12 de out. de 2015

Conto: "Luz na passarela"


"Luz na passarela"


  A vida estava sorrindo para Estela. Com sua aparência delicada, olhos azuis e cabelos loiros herdados pela descendência ariana, a moça chamava atenção de todos, o que rendeu a ela o prêmio principal de um concurso de beleza na sua cidadezinha, encravada no meio da serra gaúcha. A menina era esguia, elegante, e andava na rua com desenvoltura de Top Model, sendo que logo apareceram os primeiros empresários oferecendo-lhe assessoria para a promissora carreira de modelo.

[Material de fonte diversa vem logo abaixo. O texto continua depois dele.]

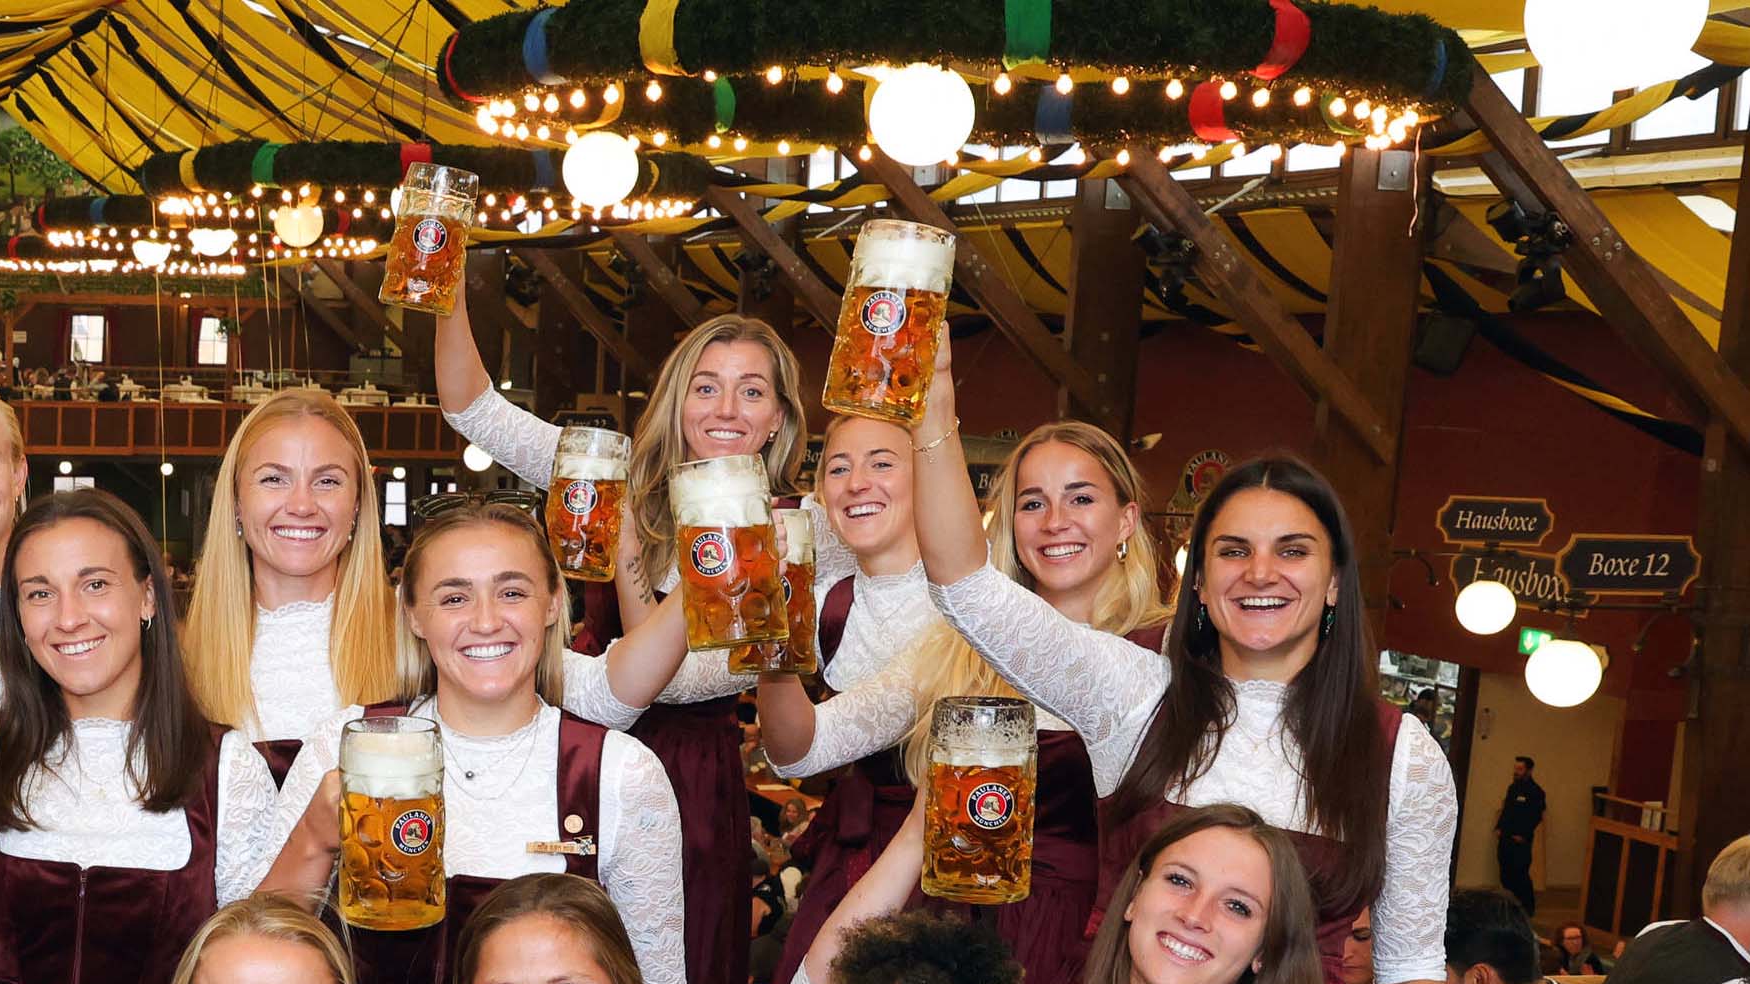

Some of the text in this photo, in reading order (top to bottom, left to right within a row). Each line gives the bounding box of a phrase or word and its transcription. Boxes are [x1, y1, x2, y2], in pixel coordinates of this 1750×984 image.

[1455, 508, 1537, 531] Hausboxe
[1587, 552, 1670, 576] Boxe 12
[972, 785, 1011, 800] PAULANER
[394, 811, 432, 830] PAULANER
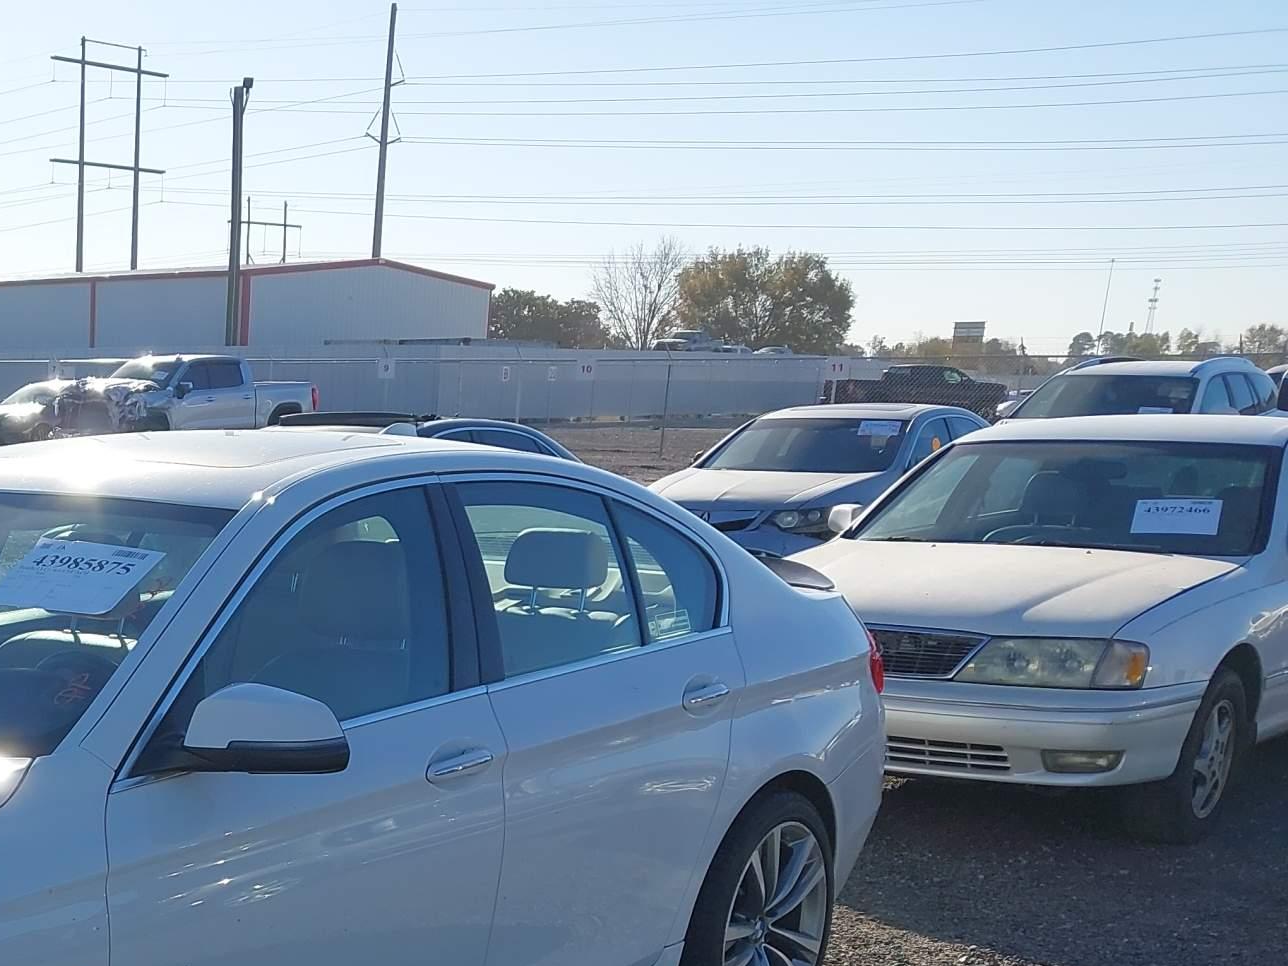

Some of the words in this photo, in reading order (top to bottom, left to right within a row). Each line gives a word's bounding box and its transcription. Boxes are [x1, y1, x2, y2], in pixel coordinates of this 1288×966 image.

[581, 364, 593, 374] 10
[831, 362, 844, 373] 11
[1143, 505, 1212, 514] 43972466
[32, 553, 137, 577] 43985875
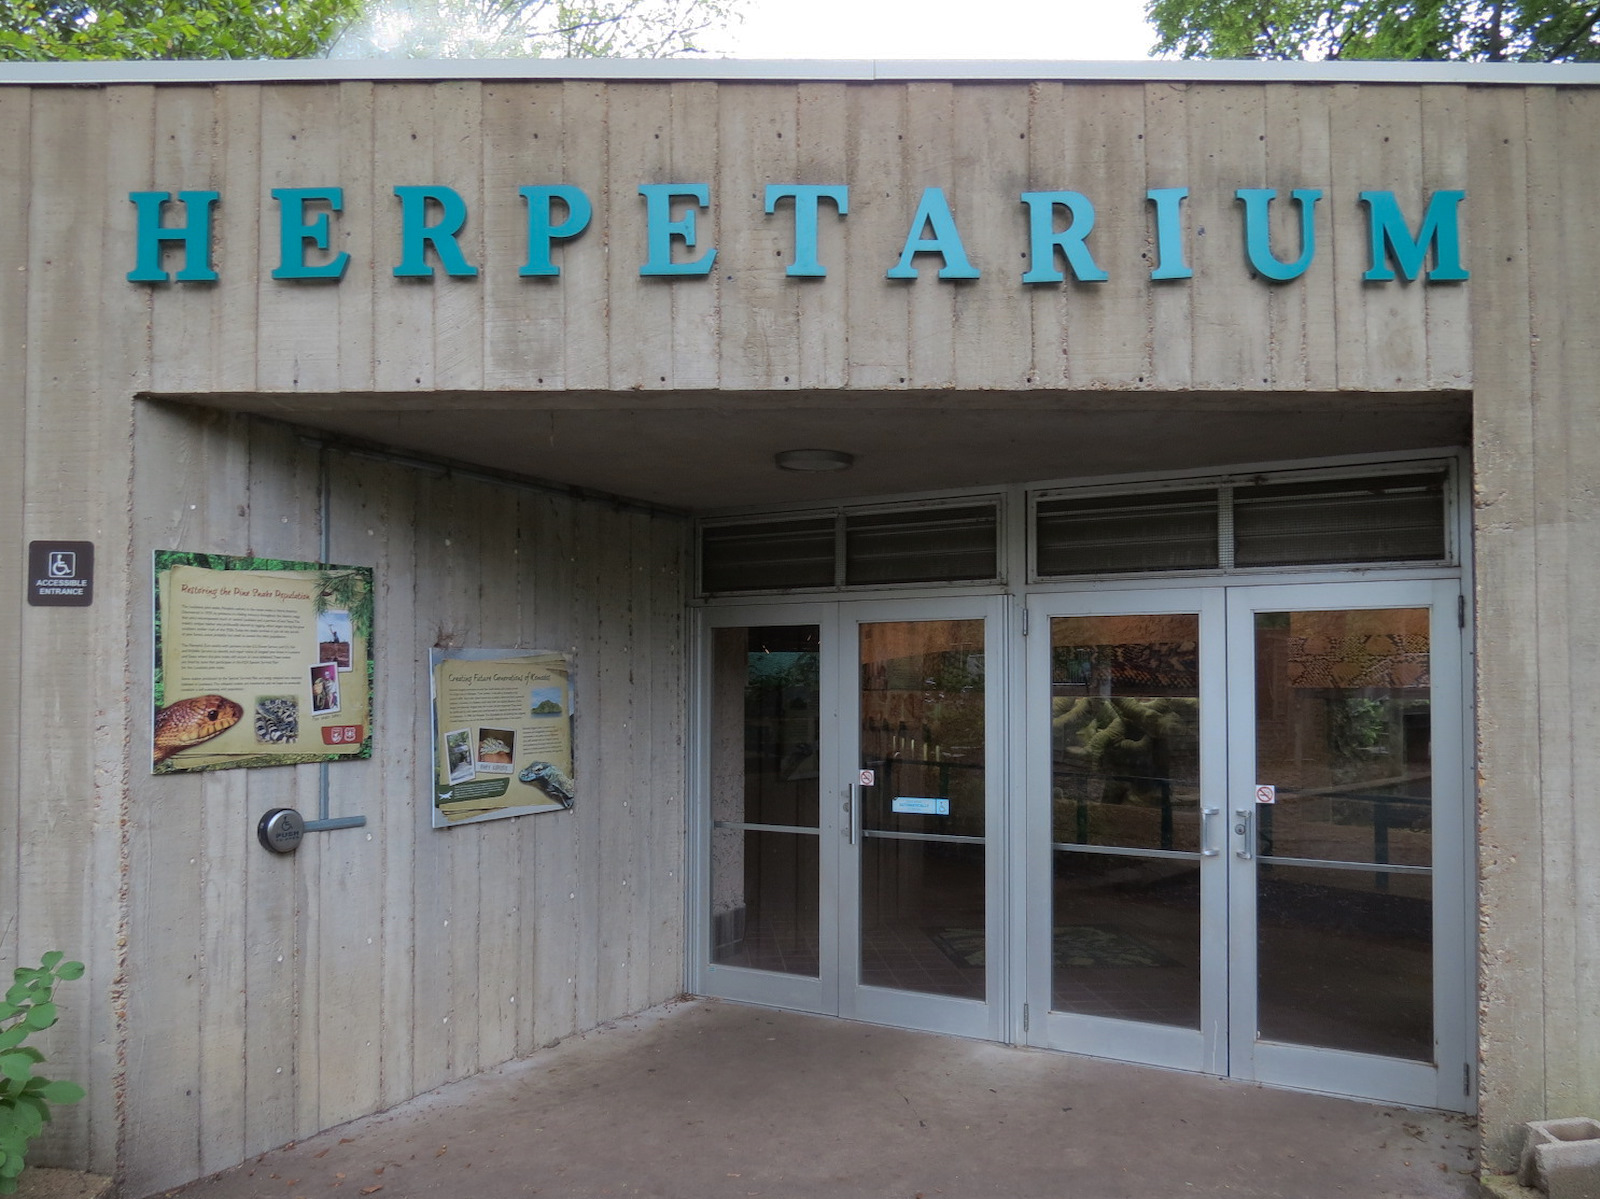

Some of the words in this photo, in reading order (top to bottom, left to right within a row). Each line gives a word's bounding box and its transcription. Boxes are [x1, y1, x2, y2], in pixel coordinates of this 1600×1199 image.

[126, 184, 1470, 284] HERPETARIUM
[181, 584, 217, 599] Restoring
[220, 586, 231, 595] the
[233, 587, 250, 597] Pine
[252, 588, 273, 598] Snake
[275, 589, 310, 602] Population
[448, 673, 472, 686] Creating
[473, 673, 492, 681] Future
[524, 671, 532, 686] of
[275, 831, 299, 839] PUSH
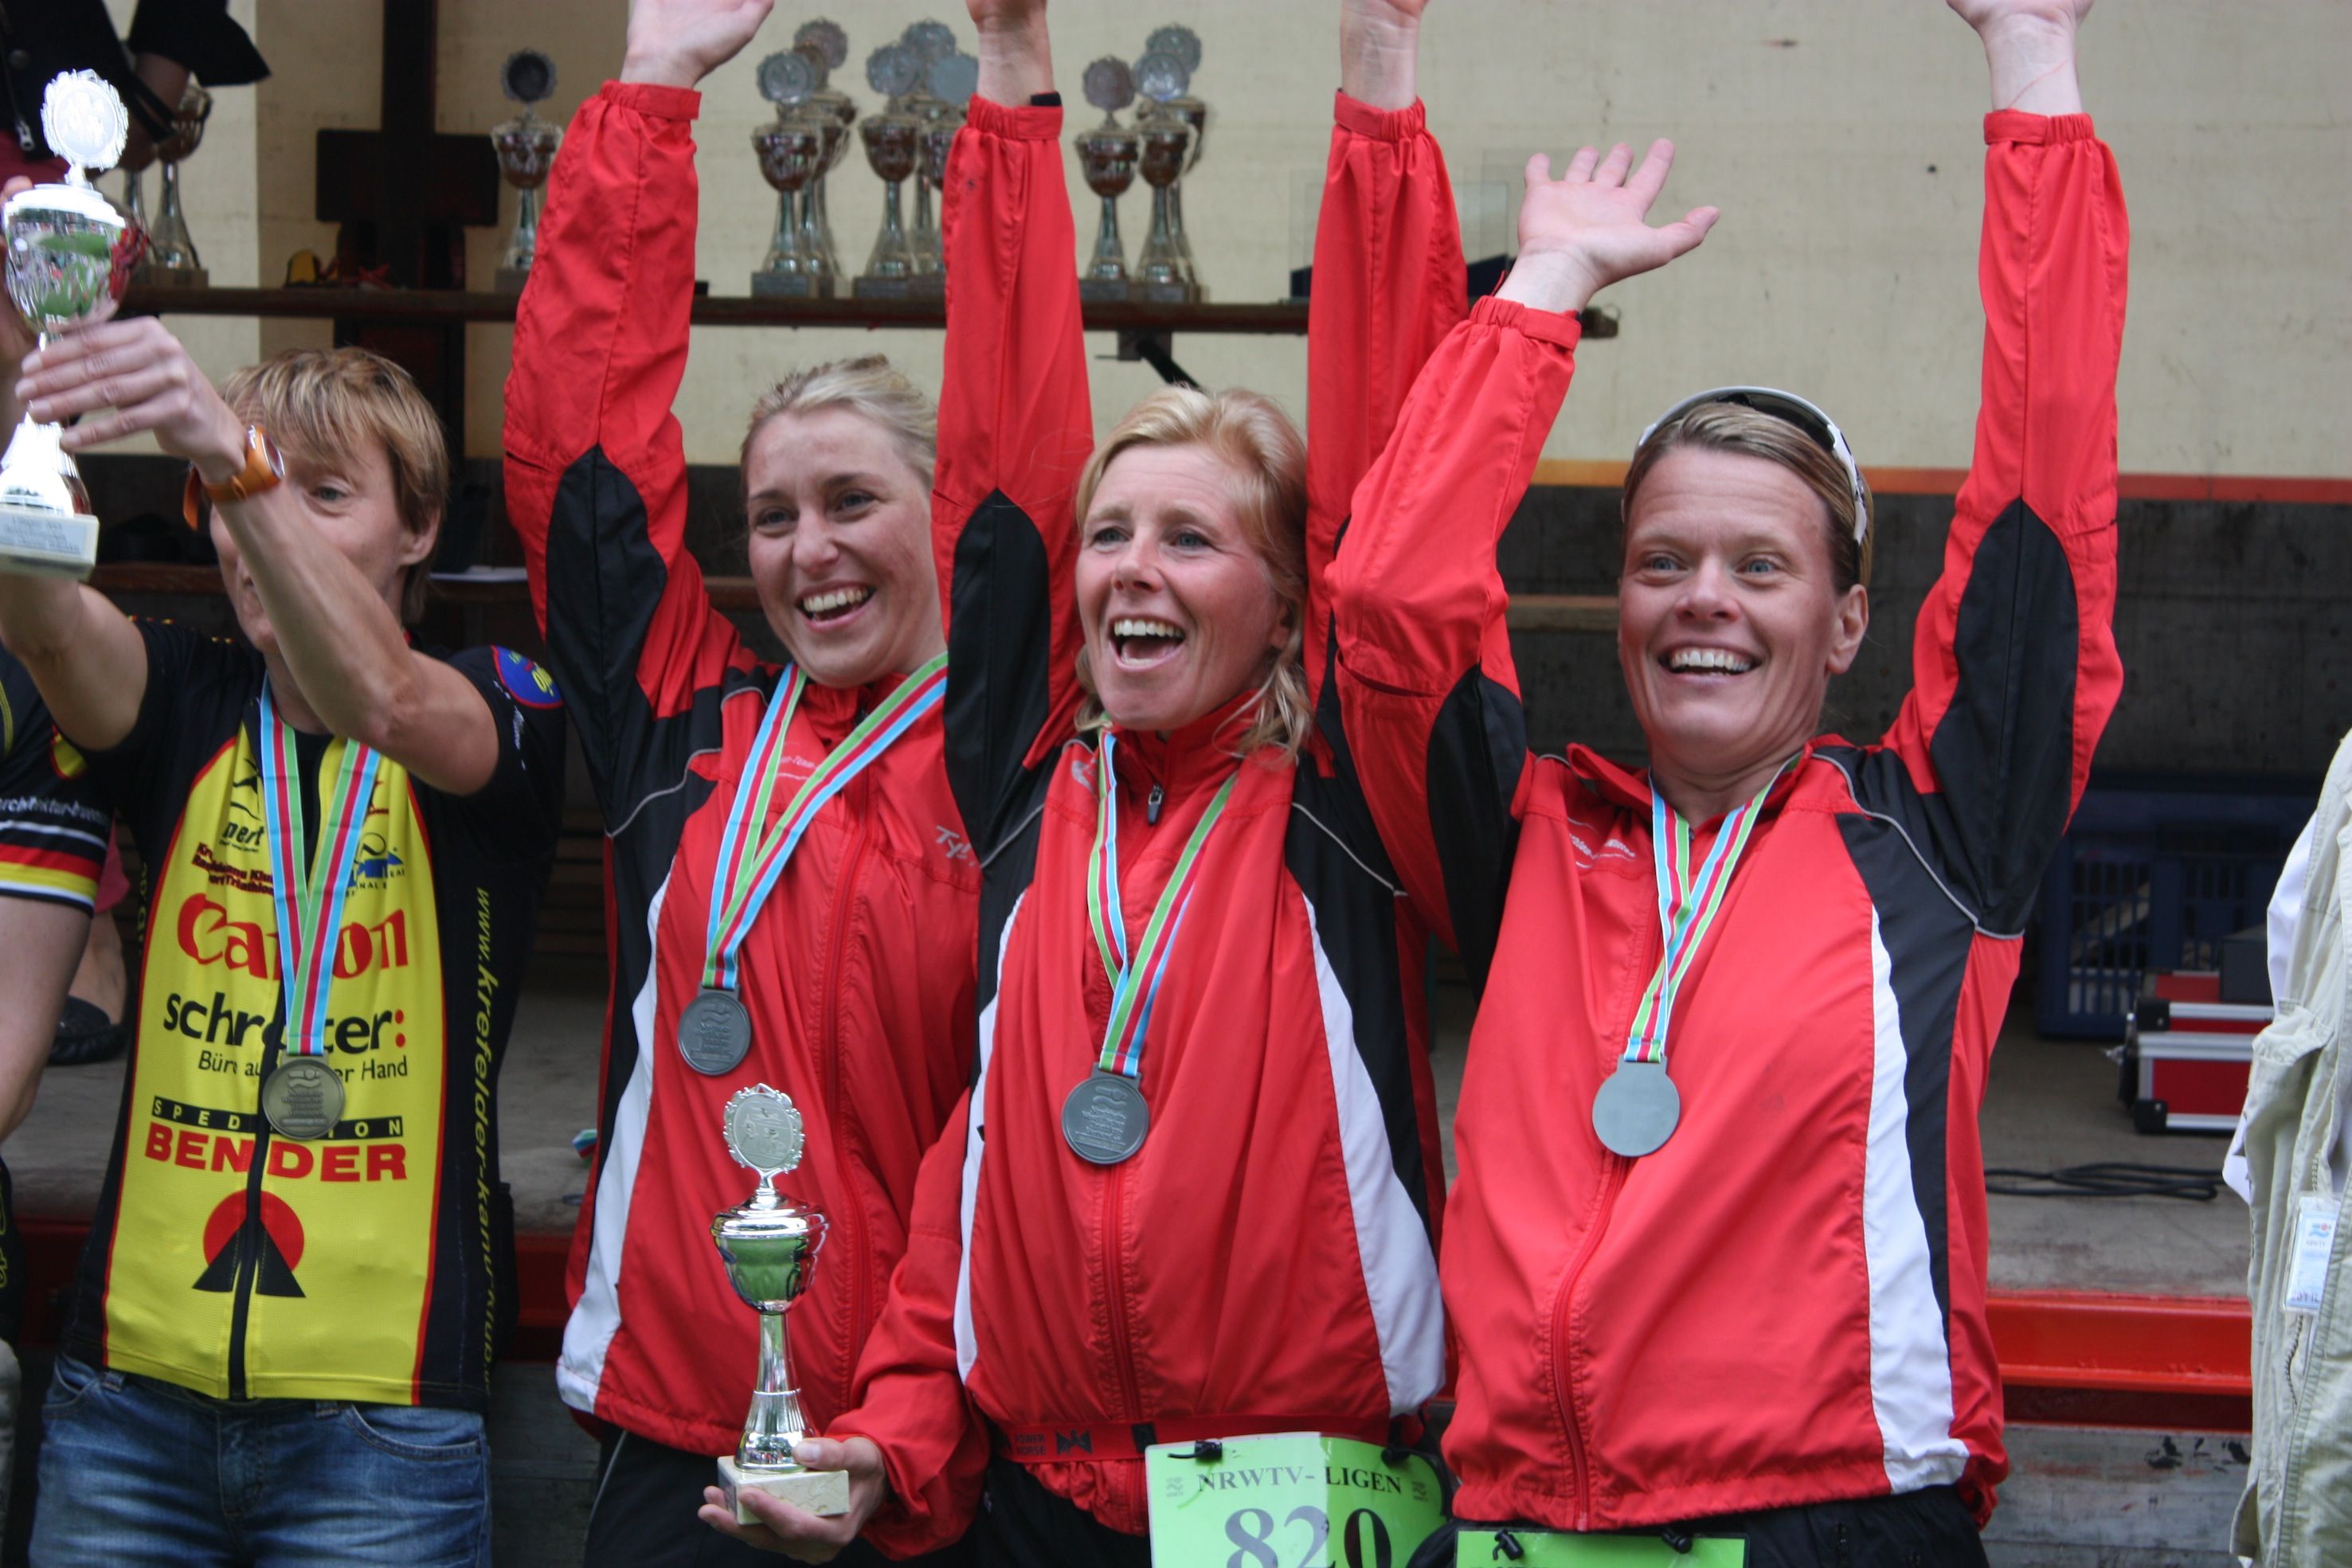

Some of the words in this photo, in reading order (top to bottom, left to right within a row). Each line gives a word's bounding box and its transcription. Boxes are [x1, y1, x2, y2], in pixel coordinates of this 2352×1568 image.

[178, 893, 409, 980] Caon
[361, 1054, 408, 1081] Hand
[153, 1099, 401, 1139] SPEDION
[145, 1120, 408, 1182] BENDER
[1325, 1466, 1402, 1495] LIGEN
[1224, 1505, 1392, 1568] 820

Ainda estudando, Estela aceitou ingressar naquele mundo, pois possuía beleza e dom inquestionáveis. Mas como tudo não é perfeito, a moça tinha dois defeitos graves: uma arrogância só dela, e um preconceito racial herdado sabe-se lá de quem, oriundo sabe-se lá de onde.

  Mas os defeitos não conseguiam atrapalhar a prosperidade. Estela mudou-se para Porto Alegre, onde concorreu ao prêmio de Miss Rio Grande do Sul, vencido com justiça, tamanha a sua habilidade na arte de desfilar. Estela parecia uma pluma loura flutuando na passarela, enchendo de orgulho a família, encantando público e jurados. Alugou um apartamento na capital gaúcha, prosseguiu os estudos, conciliando-os com a nova profissão. Apareceram neste meio tempo inúmeros trabalhos em revistas, catálogos, novos desfiles e muitas fotos em outdoors nas ruas de Porto Alegre.

  De vez em quando passeava na cidadezinha onde nasceu, passando um ou outro final de semana no sítio dos avós, onde adorava cavalgar. Nestes passeios, mostrou-se inebriada pela fama, tratando com desprezo os empregados do sítio, que perceberam que sua arrogância havia crescido na proporção do seu sucesso. A moça estava insuportável.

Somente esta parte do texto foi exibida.